02 - Steam or sauté spinach until completely wilted. Drain thoroughly and squeeze out excess moisture using a clean kitchen towel, then finely chop. Combine ricotta, chopped spinach, Parmesan cheese, egg yolk, nutmeg, salt, and black pepper in a mixing bowl until evenly incorporated.
03 - Divide rested dough in half. Using a pasta machine or rolling pin, roll each half into thin, uniform sheets approximately 1/16 inch thick.

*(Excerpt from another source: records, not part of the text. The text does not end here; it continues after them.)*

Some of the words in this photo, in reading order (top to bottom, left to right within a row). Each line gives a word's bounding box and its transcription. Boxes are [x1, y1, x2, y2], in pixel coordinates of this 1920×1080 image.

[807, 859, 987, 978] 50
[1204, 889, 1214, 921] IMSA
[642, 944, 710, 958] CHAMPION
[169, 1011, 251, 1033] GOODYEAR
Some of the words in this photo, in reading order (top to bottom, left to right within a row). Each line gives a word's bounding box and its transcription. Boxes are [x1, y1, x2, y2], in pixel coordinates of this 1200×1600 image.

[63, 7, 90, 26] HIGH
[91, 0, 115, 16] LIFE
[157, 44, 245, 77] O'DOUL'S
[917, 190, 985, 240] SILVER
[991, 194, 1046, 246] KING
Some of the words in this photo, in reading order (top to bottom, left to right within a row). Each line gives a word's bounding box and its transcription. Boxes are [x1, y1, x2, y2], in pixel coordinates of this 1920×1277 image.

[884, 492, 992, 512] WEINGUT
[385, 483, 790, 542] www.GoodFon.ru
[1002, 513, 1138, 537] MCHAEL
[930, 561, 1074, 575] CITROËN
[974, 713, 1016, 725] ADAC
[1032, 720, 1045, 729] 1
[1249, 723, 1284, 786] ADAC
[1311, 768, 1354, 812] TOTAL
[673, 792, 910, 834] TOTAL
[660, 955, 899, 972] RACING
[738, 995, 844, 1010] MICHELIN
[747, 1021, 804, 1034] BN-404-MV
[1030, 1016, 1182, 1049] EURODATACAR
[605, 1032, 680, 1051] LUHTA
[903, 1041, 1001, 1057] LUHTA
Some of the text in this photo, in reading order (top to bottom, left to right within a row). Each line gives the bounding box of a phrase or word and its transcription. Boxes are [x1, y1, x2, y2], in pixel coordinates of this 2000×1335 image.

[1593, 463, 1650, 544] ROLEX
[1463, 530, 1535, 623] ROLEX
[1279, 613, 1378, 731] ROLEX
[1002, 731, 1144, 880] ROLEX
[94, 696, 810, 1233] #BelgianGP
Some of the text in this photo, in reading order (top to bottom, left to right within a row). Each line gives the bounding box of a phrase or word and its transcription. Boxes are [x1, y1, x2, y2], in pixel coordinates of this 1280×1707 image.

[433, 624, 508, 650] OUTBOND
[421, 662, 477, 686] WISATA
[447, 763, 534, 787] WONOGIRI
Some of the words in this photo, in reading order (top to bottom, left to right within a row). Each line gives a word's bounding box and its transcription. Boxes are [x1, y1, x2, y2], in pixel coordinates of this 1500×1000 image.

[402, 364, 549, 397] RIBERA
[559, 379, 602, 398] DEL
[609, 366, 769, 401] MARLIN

Handle gently to maintain integrity.
04 - Distribute teaspoons of filling across one pasta sheet, spacing them 2 inches apart. Brush water around filling portions. Position second sheet over top and firmly press around each mound to seal. Cut into individual squares using a knife or ravioli cutter, then press edges with a fork to ensure complete seal.
05 - Bring a large pot of salted water to a gentle boil. Working in batches, add ravioli and cook for 3 to 4 minutes until they rise to the surface. Remove with a slotted spoon and transfer to a warm serving vessel.
06 - Heat olive oil in a saucepan over medium heat. Add minced garlic and sauté for approximately 1 minute until fragrant. Pour in marinara sauce, season with salt and pepper to taste, and simmer for 5 minutes.
07 - Spoon marinara sauce onto individual plates. Arrange cooked ravioli on sauce, top with additional sauce, fresh basil leaves, and grated Parmesan cheese. Serve immediately.